Actions of compact connected groups on 4-manifolds

Summary

Introduction

The best known examples of manifolds have large symmetry groups. In the case of 3-manifolds, S³, P³, S² × S¹, T³ and the lens spaces all admit actions by relatively “large” compact Lie groups. The manifolds of Seifert which are now known to be among the building blocks of all 3-manifolds may be viewed as 3-manifolds with (local) circle action. The purpose of this talk is to present a similarly tractable class of 4-manifolds. We shall outline the equivariant classification of 4-manifolds with compact connected Lie group actions and indicate the results and remaining questions about their topological classification. For the definitions and the basic terminology of transformation groups see Bredon's book.

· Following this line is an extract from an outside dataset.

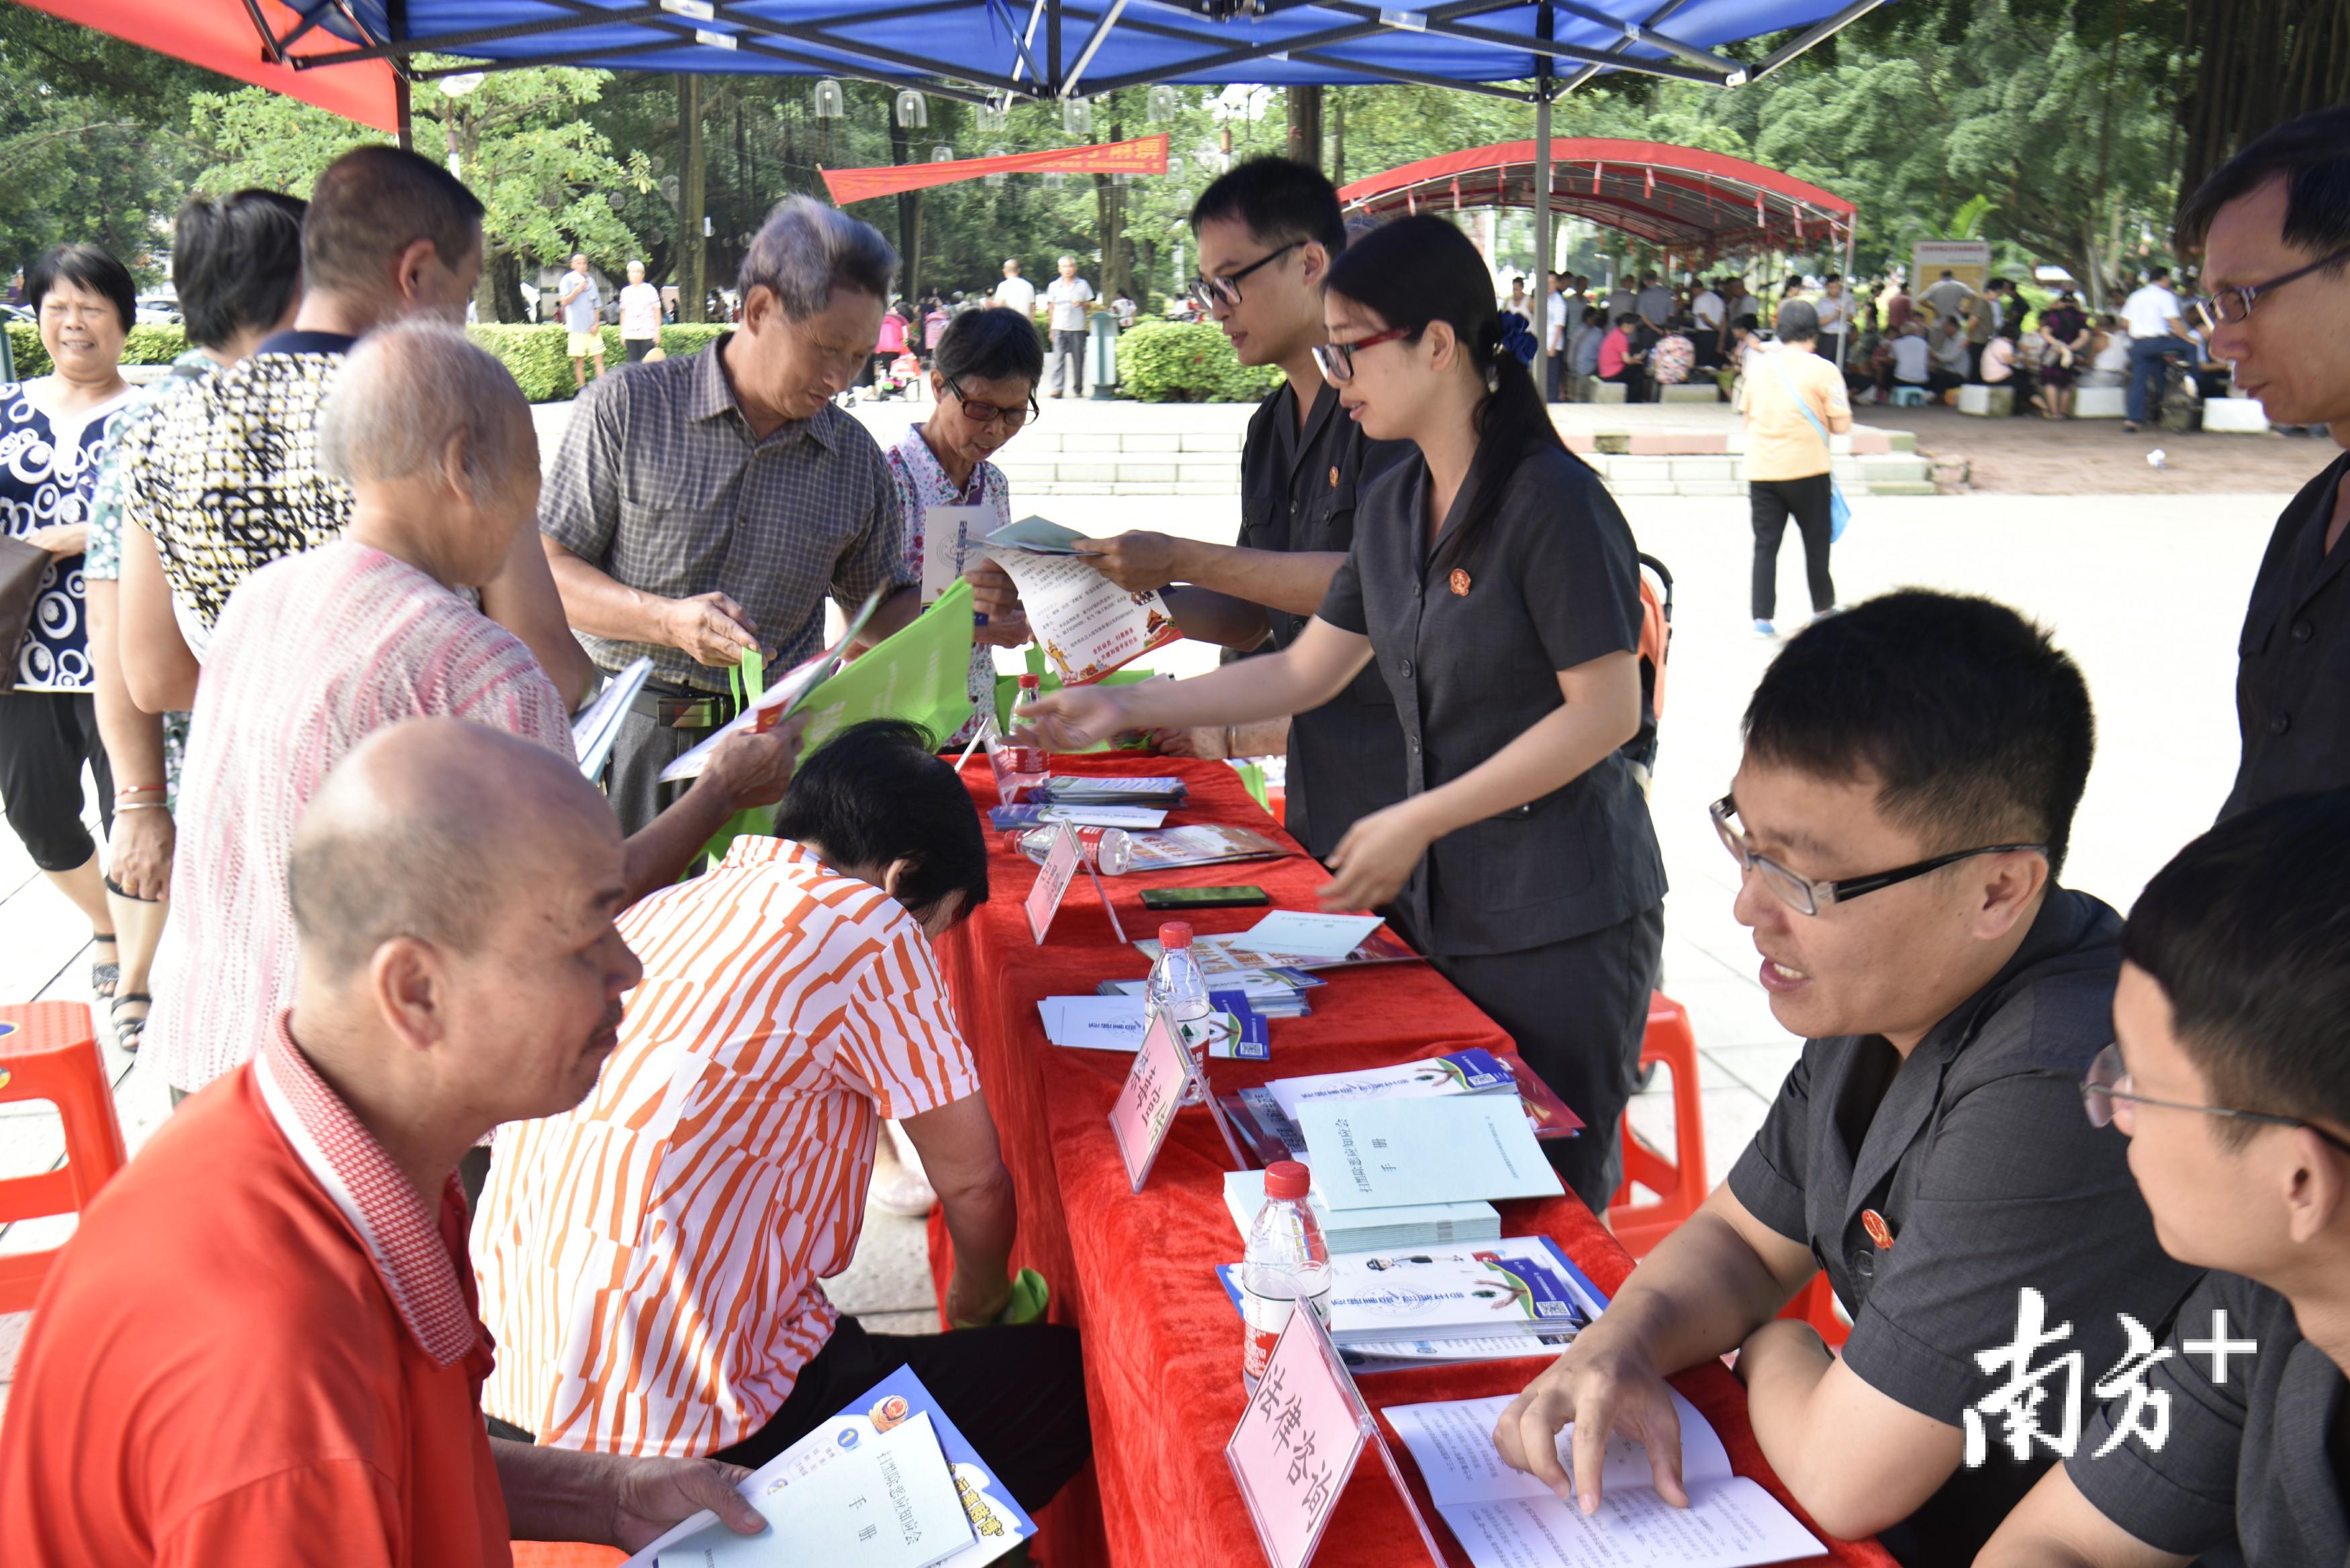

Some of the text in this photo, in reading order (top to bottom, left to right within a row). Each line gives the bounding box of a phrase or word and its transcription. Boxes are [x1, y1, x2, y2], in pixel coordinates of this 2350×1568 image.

For simplicity we shall assume that all manifolds are closed, oriented and smooth, and all actions are differentiable. A theorem of Eisenhardt asserts that if M^m admits a G-action, then dim G ≤ ½m(m+1) and if equality holds, then M^m is S^m (or P^m). In case m = 4 we have dim G ≤ 10. The classification theorem of compact connected Lie groups asserts that G ≃ (T^k × G′)/N where G′ is a product of simply connected simple Lie groups and N is a finite central subgroup. If we allow our actions to be almost effective, i.e. allow a finite subgroup to fix every point, then we need only consider groups of the form T^k × G′.